▸ What to work on
Verbatim reproduction of the entries is required; images must be omitted.

Dataset entries:
_____
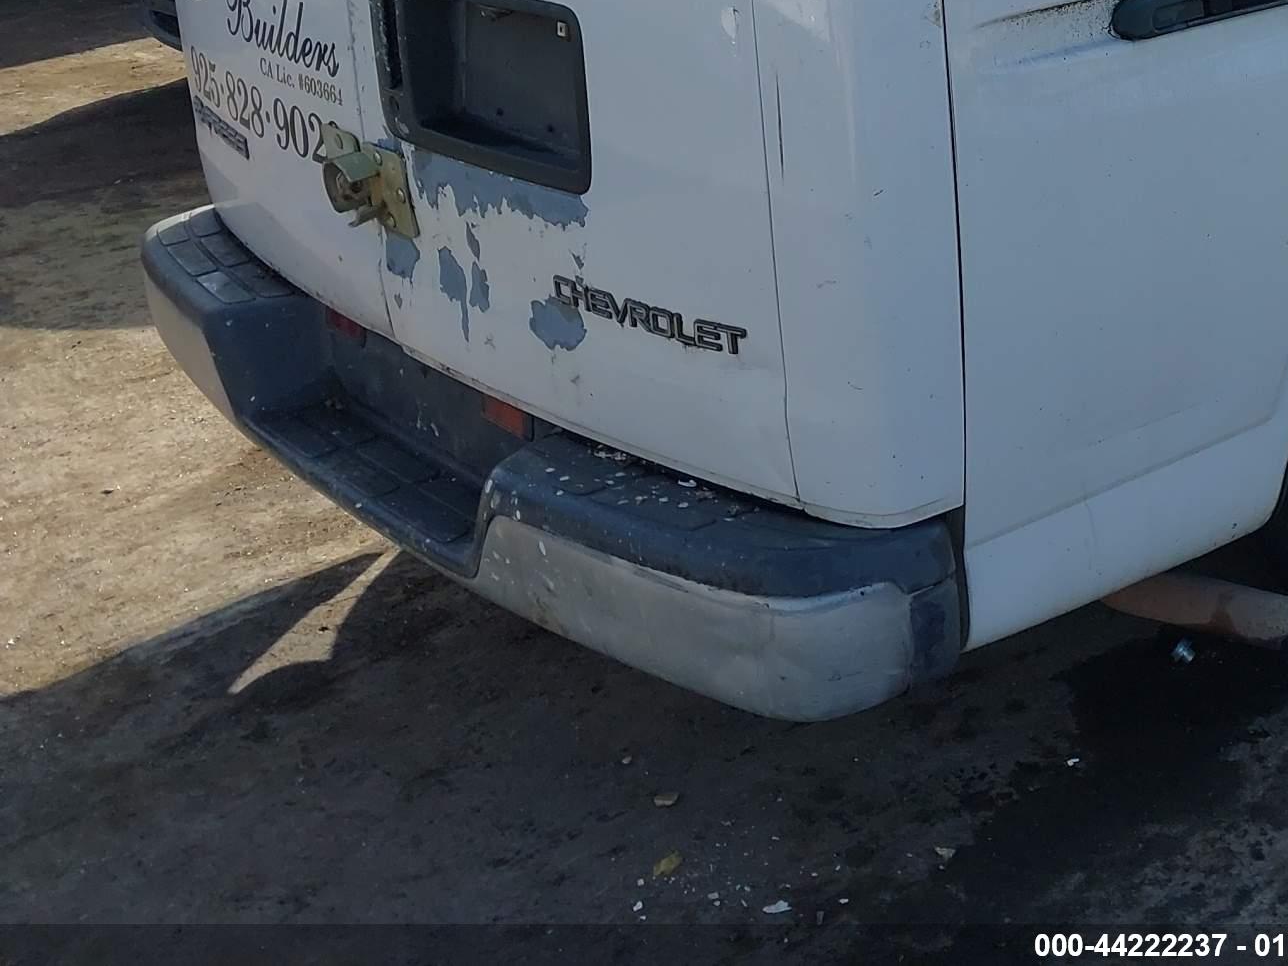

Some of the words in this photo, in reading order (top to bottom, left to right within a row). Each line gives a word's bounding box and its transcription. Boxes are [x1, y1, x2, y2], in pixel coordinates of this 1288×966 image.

[190, 45, 339, 164] 925·828·902
[260, 57, 274, 79] CA
[276, 64, 296, 89] Lic.
[297, 73, 344, 106] #603664
[553, 274, 747, 355] CHEVROLET
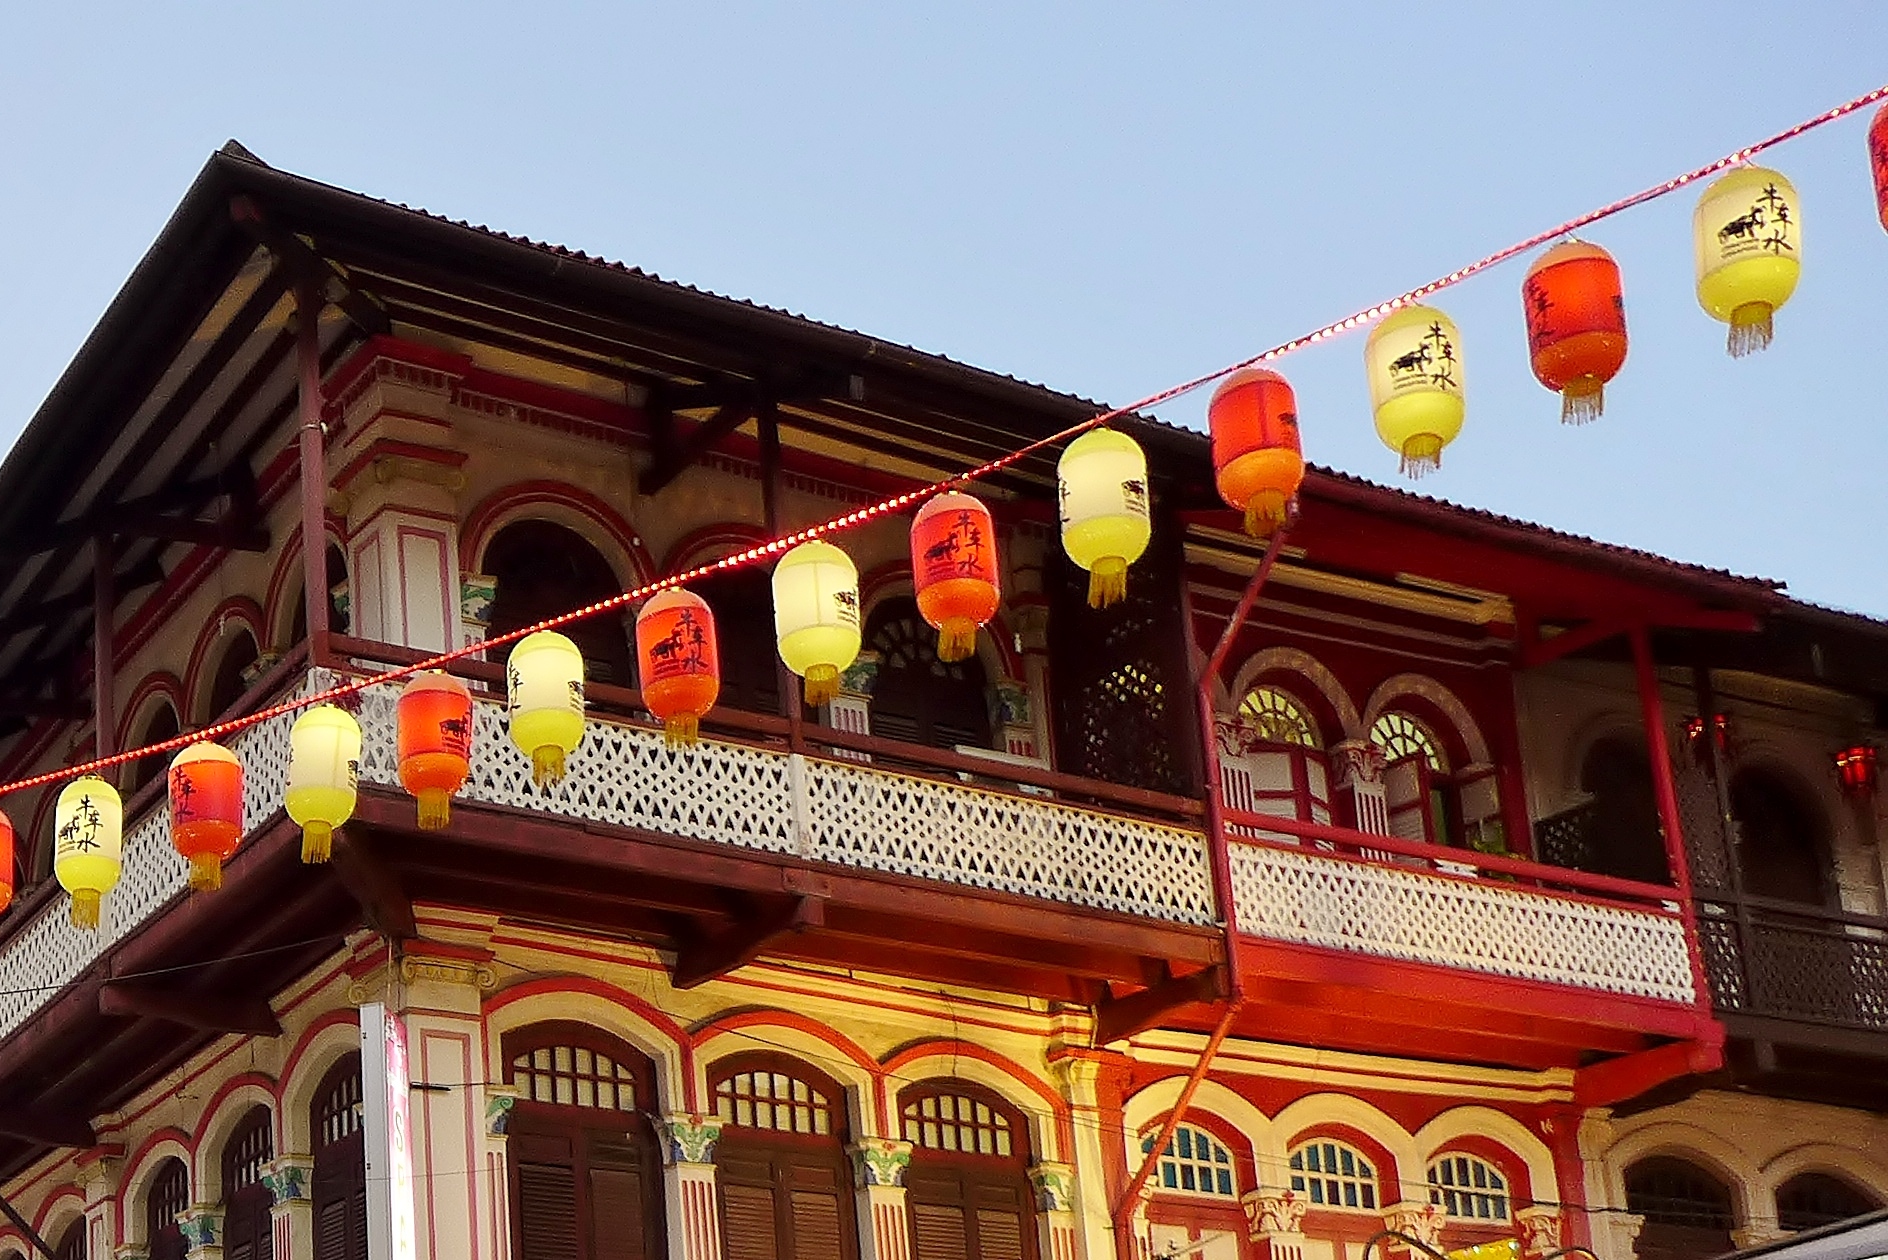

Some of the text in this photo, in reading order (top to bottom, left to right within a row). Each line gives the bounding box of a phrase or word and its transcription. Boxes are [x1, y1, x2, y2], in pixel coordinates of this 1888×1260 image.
_____
▸ Exercise response
Some of the words in this photo, in reading order (top to bottom, left to right within a row). Each line gives a word's bounding box and its transcription. Boxes are [x1, y1, x2, y2], in pixel coordinates of this 1288×966 image.

[190, 45, 339, 164] 925·828·902
[260, 57, 274, 79] CA
[276, 64, 296, 89] Lic.
[297, 73, 344, 106] #603664
[553, 274, 747, 355] CHEVROLET

Some of the text in this photo, in reading order (top to bottom, left to right within a row). Each line gives the bounding box of a phrase or word and its transcription. Boxes are [x1, y1, x2, y2], in pixel coordinates of this 1888×1260 image.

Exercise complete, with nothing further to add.